Theoretically, if we are able to accurately management for all confounding variables, we are able to nonetheless make causal claims with observational information. Whereas some might disagree with this assertion, it’s extensively accepted in precept. The true problem lies within the utility.
To accurately management for a confounding variable, we have to (1) have high-quality information for the variable and (2) accurately mannequin the connection between the confounder and our goal variable. Doing this for every recognized confounder is troublesome, but it surely isn’t the worst half. The worst half is that you would be able to by no means know with certainty that you’ve got accounted for all confounders. Even with robust area information, the likelihood that there’s an unknown confounder “on the market” stays. The most effective we are able to do is embrace each confounder we are able to consider after which depend on what known as the ‘no unmeasured confounder’ assumption to estimate causal relationships.
Modeling with observational information can nonetheless add lots of worth in prescriptive analytics, although we are able to by no means know with certainty that we accounted for all confounding variables. With observational information, I consider the causal assumption as being met in levels as an alternative of in a binary vogue. As we account for extra confounders, we seize the causal impact higher and higher. Even when we miss a couple of confounders, the mannequin should still add worth. So long as the confounders don’t have too massive of an affect on the estimated causal relationships, we might be able to add extra worth making selections with a barely biased causal mannequin than utilizing the method we had earlier than we used prescriptive modeling (e.g., guidelines or intuition-based selections).
Having a practical mindset with observational information could be vital since (1) observational information is cheaper and way more widespread than experimental information and (2) if we depend on hermetic causal conclusions (which we are able to’t get with observational information), we could also be leaving worth on the desk by ruling out causal fashions which might be ‘adequate’, although not good.
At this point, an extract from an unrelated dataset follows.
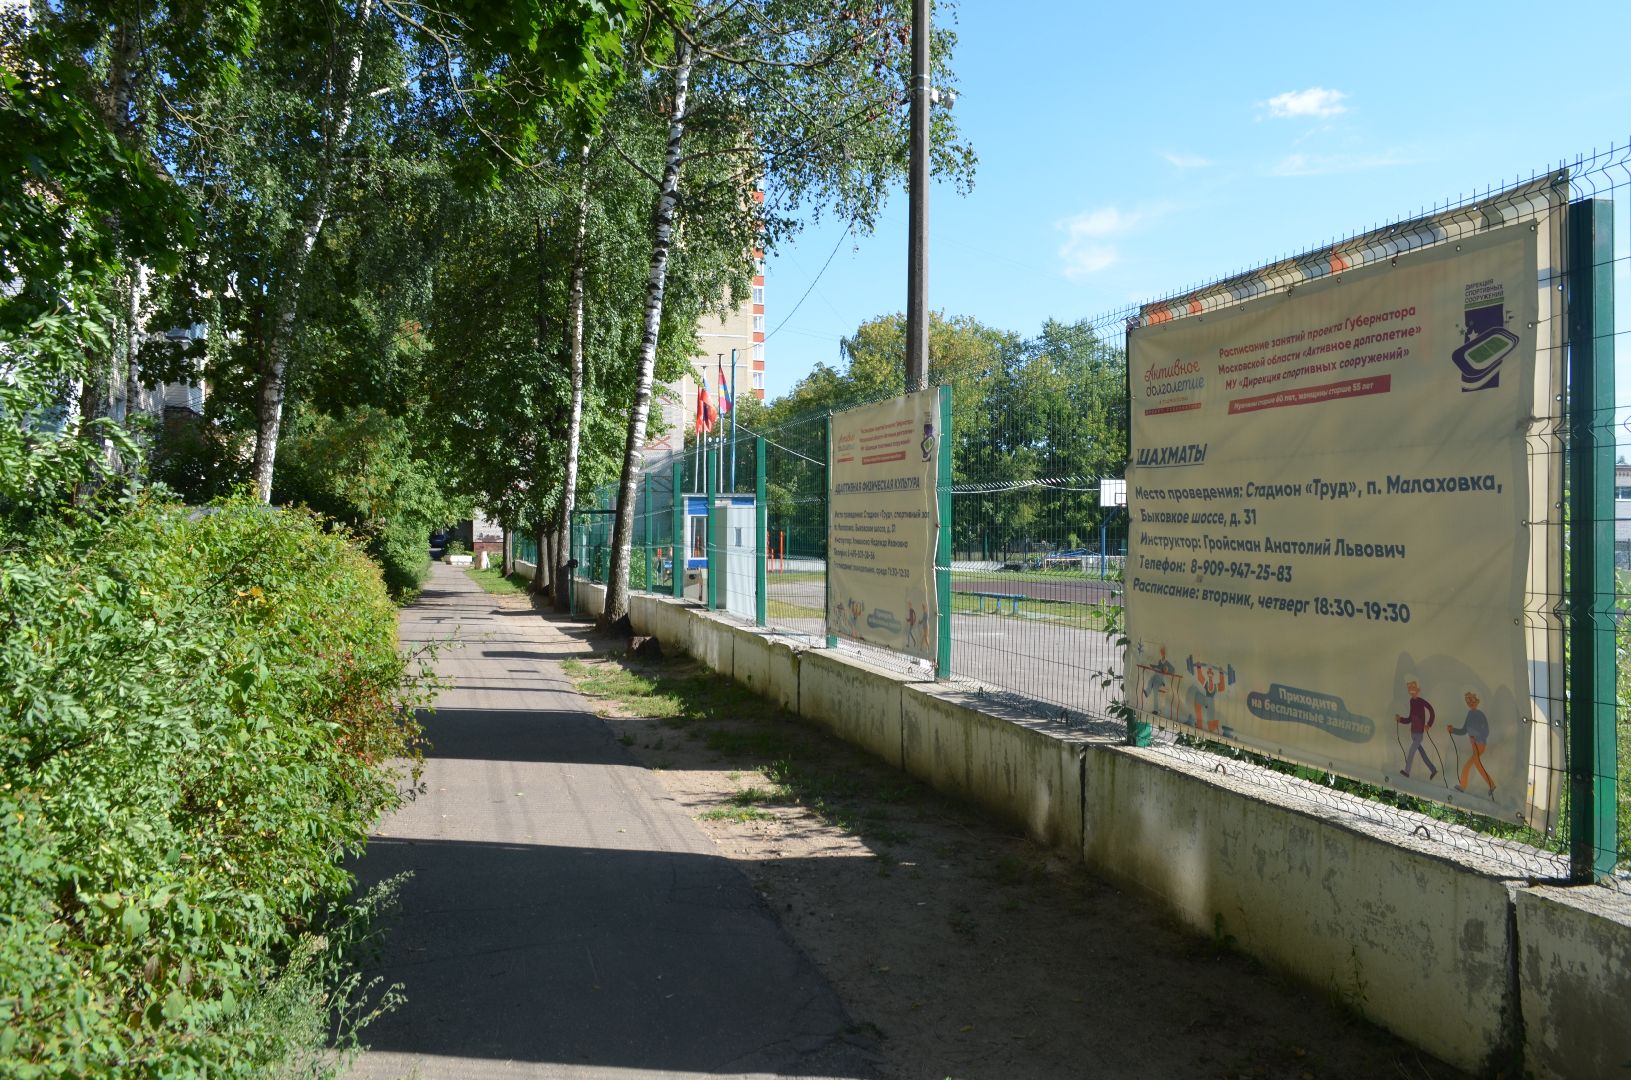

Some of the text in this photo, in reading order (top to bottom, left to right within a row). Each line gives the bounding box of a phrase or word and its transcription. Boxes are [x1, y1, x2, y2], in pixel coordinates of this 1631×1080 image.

You and your corporation companions must resolve the extent of leniency to have with assembly the causal assumption, a mannequin constructed on observational information may nonetheless add main worth!
Wrapping it up
Whereas prescriptive analytics is highly effective and has the potential so as to add lots of worth, it depends on causal assumptions whereas descriptive and predictive analytics don’t. It is very important perceive and to fulfill the causal assumption in addition to potential.
Experimental information is the gold normal of estimating causal relationships. A mannequin constructed on good experimental information is in a powerful place to fulfill the causal assumptions required by prescriptive modeling.
Establishing causal relationships with observational information could be harder due to the potential of unknown or unobserved confounding variables. We should always stability rigor and pragmatism when utilizing observational information for prescriptive modeling – rigor to consider and try to regulate for each confounder potential and pragmatism to grasp that whereas the causal results is probably not completely captured, the mannequin might add extra worth than the present decision-making course of.
I hope that this text has helped you achieve a greater understanding of why prescriptive modeling depends on causal assumptions and how one can deal with assembly these assumptions. Completely satisfied modeling!
- Neuman, S. B. (2017). Principled Adversaries: Literacy Analysis for Political Motion. Academics School Document, 119(6), 1–32.